Series creator Meredith Scardino wanted to dive into two places she was exploring in her life. She was creatively drawn to situations that require strangers to be thrown together, and at the same time she noticed the reunions of numerous groups from the 1990s and 2000s, like the Spice Girls and Backstreet Boys. The ideas started clicking from there, with Scardino seeing the landscape of music as fertile territory to talk about being a woman — as opposed to being a teenager when you’re often drawn to situations that might be problematic in hindsight. “You see your [20s] as such a high point in your life,” Scardino said. “But then you look back and say, ‘OK, maybe some of that stuff was a bit toxic.”
Singer, Tony winner, and actress Renee Elise Goldsberry, who plays the group’s diva Wickie, certainly identified with the concept. “It [was] kind of kismet because I was in a moment in my life where I was trying to write an album and imagining what landscape, and what audience, was there for me at this age,” Goldsberry told IndieWire. She said the pilot lovingly hurt her feelings a bit, but inspired her to do exactly what the women of the series are doing: Use your voice and recognize that it will connect with the people it should connect with.

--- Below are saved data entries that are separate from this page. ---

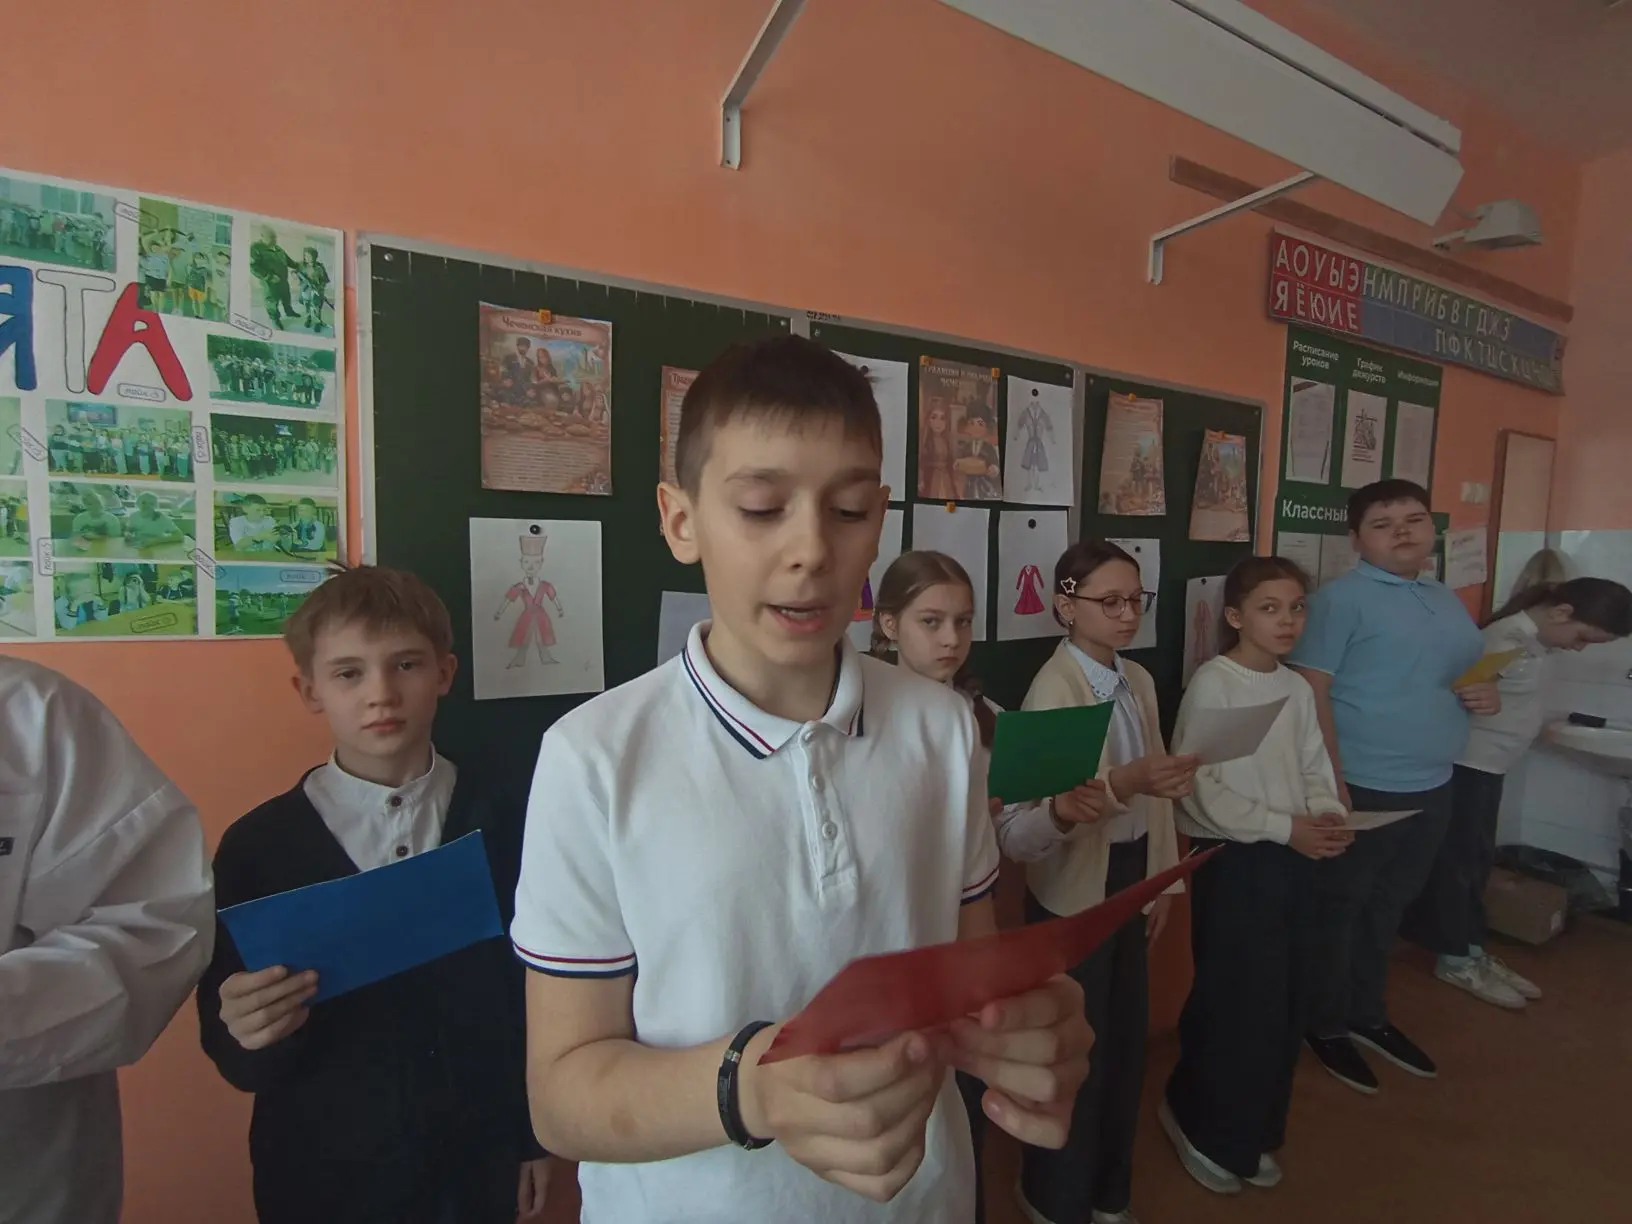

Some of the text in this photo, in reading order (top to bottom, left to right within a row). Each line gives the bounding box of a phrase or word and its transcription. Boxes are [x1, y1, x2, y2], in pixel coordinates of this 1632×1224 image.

[1293, 340, 1340, 361] Расписание
[1301, 355, 1330, 370] уроков
[1356, 357, 1384, 373] График
[1352, 368, 1387, 384] дежурств
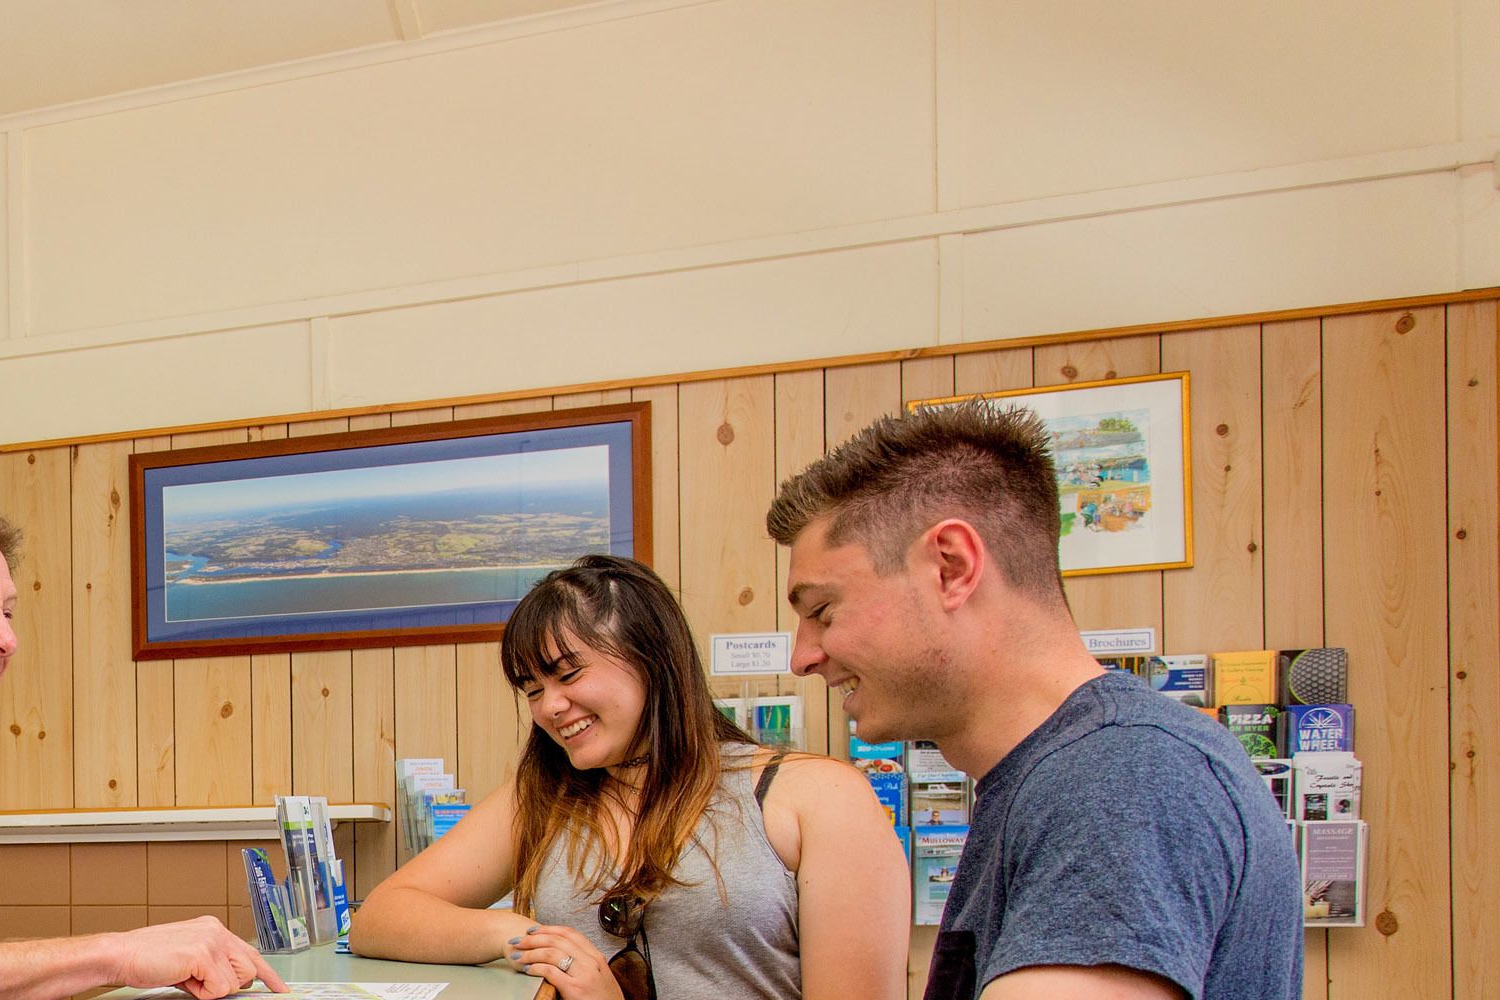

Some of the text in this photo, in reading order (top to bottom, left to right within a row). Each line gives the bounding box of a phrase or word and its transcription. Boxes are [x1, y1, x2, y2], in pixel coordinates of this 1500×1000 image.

[726, 640, 776, 649] Postcards
[1089, 638, 1147, 648] Brochures
[1228, 713, 1273, 725] PIZZA
[1300, 728, 1343, 740] WATER
[1300, 740, 1342, 751] WHEEL

“Girls5Eva” is eerily prescient, especially as audiences are confronting the way we’ve responded to the likes of Britney Spears, Monica Lewinsky, and others. For Busy Philipps, who plays the daffy Summer, it was a grand example of art reflecting on life, her life specifically. Philipps was one of several young actresses of the early 2000s who has been vocal about the sexism and misogyny she’s experienced in the industry.

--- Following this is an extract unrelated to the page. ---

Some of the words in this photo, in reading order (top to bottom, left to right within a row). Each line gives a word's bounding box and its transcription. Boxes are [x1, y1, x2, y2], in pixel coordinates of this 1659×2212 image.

Scardino said she didn’t set out to imitate or duplicate other stars of the era, and neither did Philipps — even though Summer feels like the closest to Spears or Jessica Simpson. Instead, the actress said she drew on her own history. “The first year I was on Dawson’s Creek I had a general meeting with the head of some big film studio [for a teen horror movie],” Philipps said. “[They] said to me, ‘Unless you make it into the Maxim Hot 100 you can basically forget the deal.” Philipps would end up posing for one of those magazines — she forgets which one — and still didn’t get the movie.
The need to conform is also evident in the landscape of sexuality in music, and a key subplot in “Girls5Eva” is how the character of Gloria (Paula Pell) deals with her younger self hiding that she was a lesbian. “When I was little we had such a dearth of gay content,” Pell said. “Being a lesbian [you] cling to that one thing,” whether that be a serial killer in the “Basic Instinct” mold or an overly masculine FedEx driver Pell explains, citing the musical “Fun Home.” The writer and actress said she noticed when the Spice Girls became big there was a heavy amount of subtext with regards to Sporty Spice’s (aka Melanie Chisholm) sexuality.

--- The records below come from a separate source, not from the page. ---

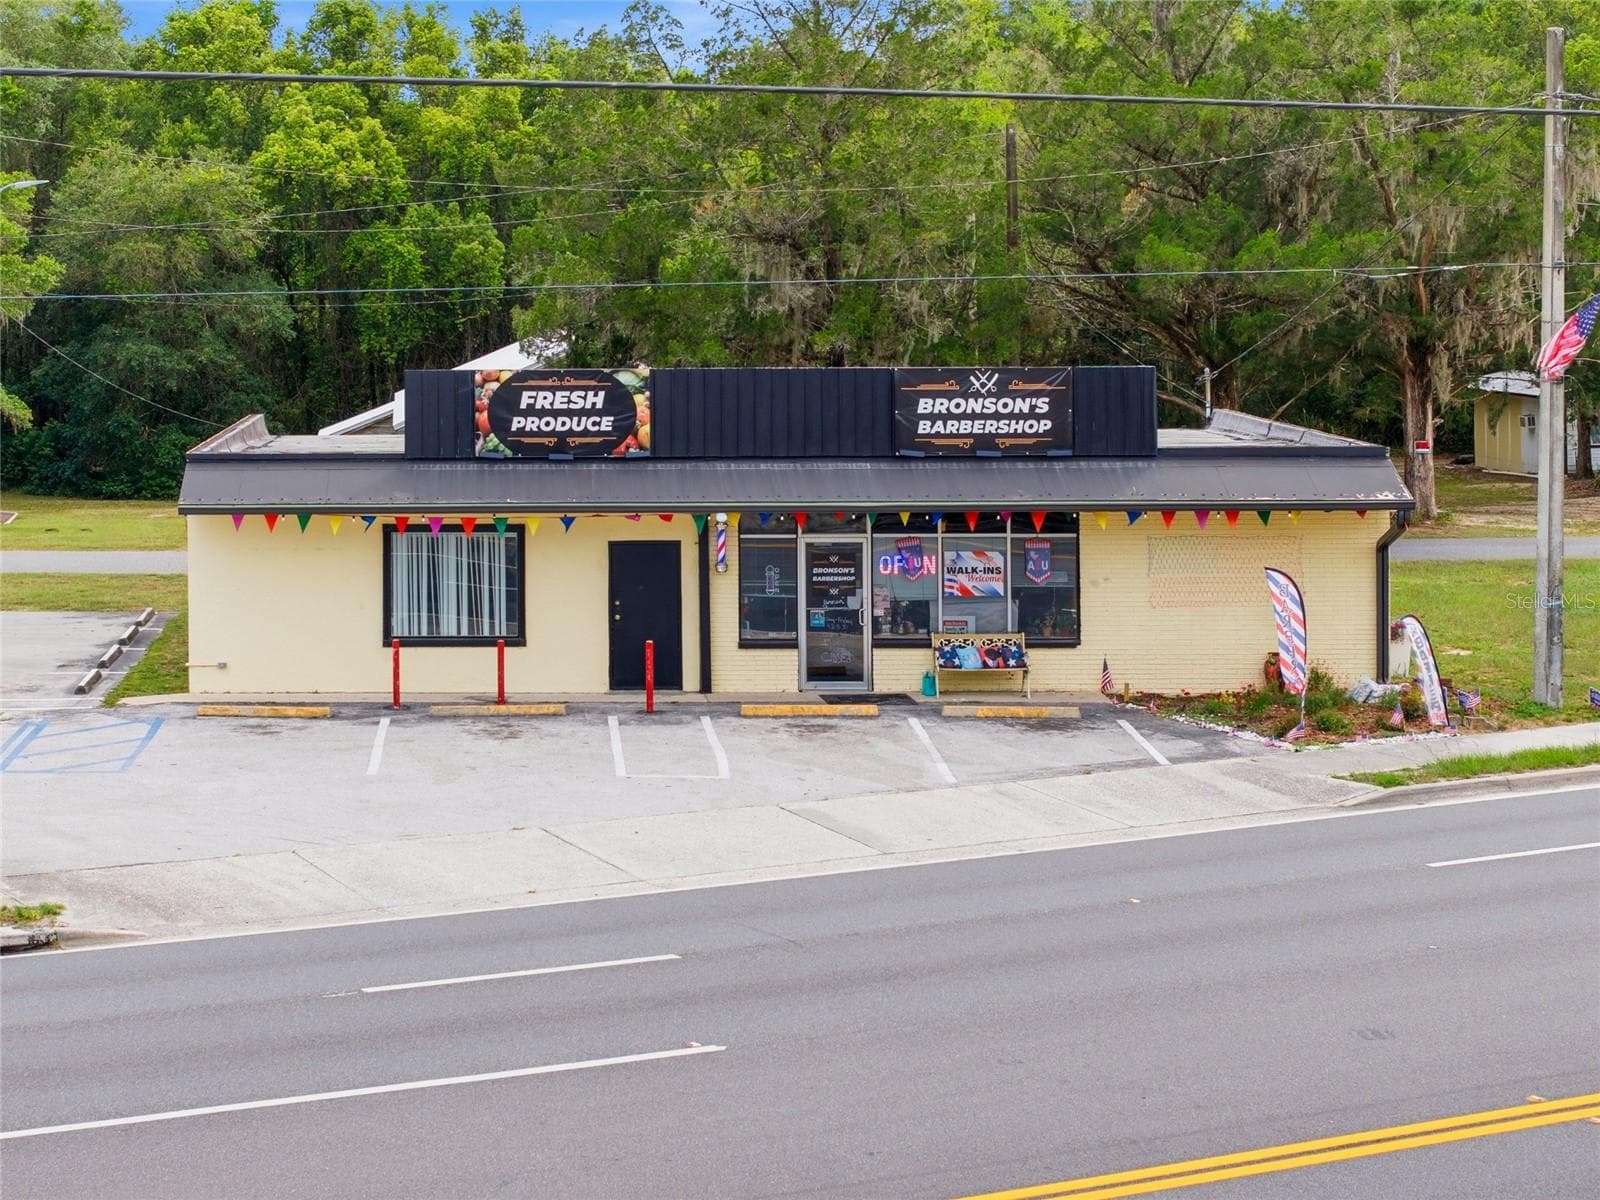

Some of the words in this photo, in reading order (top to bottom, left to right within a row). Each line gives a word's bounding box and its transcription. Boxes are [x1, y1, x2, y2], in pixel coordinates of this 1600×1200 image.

[519, 390, 606, 409] FRESH
[917, 397, 1050, 414] BRONSON'S
[511, 416, 615, 432] PRODUCE
[917, 420, 1053, 434] BARBERSHOP
[946, 566, 1002, 575] WALK-INS
[966, 574, 1001, 583] Welcome

“I would kind of look at her in a different way,” Pell said. “I looked at Sporty Spice and was like, ‘Oh, that’s code.’” Doing the flashback episode of the series whenGloria’s younger self, played by Erika Henningsen, has to lie about her sexuality — it got to Pell. Pell said it brought up when she had her first girlfriend — a fact she had to hide — and when the two broke up she couldn’t share the heartbreak.
Philipps said she’s happy we’re reevaluating women. “I’m grateful that there’s been a reckoning,” she said. “It’s not going beyond illegal behavior. It’s that you don’t get to be an asshole just because you’re smart, or creative, or make a lot of money.” Ultimately, Scardino wanted “Girls5Eva” to look at stardom and see how much of it was driven by the wrong people. “I look back [at] the era of ‘Girl Power’… if you look at the power structure behind them it’s not so female. They have very little power,” Scardino said.
Hopefully that power dynamic — at least in the world of “Girls5Eva” — is changing.
“Girls5Eva” is now streaming on Peacock.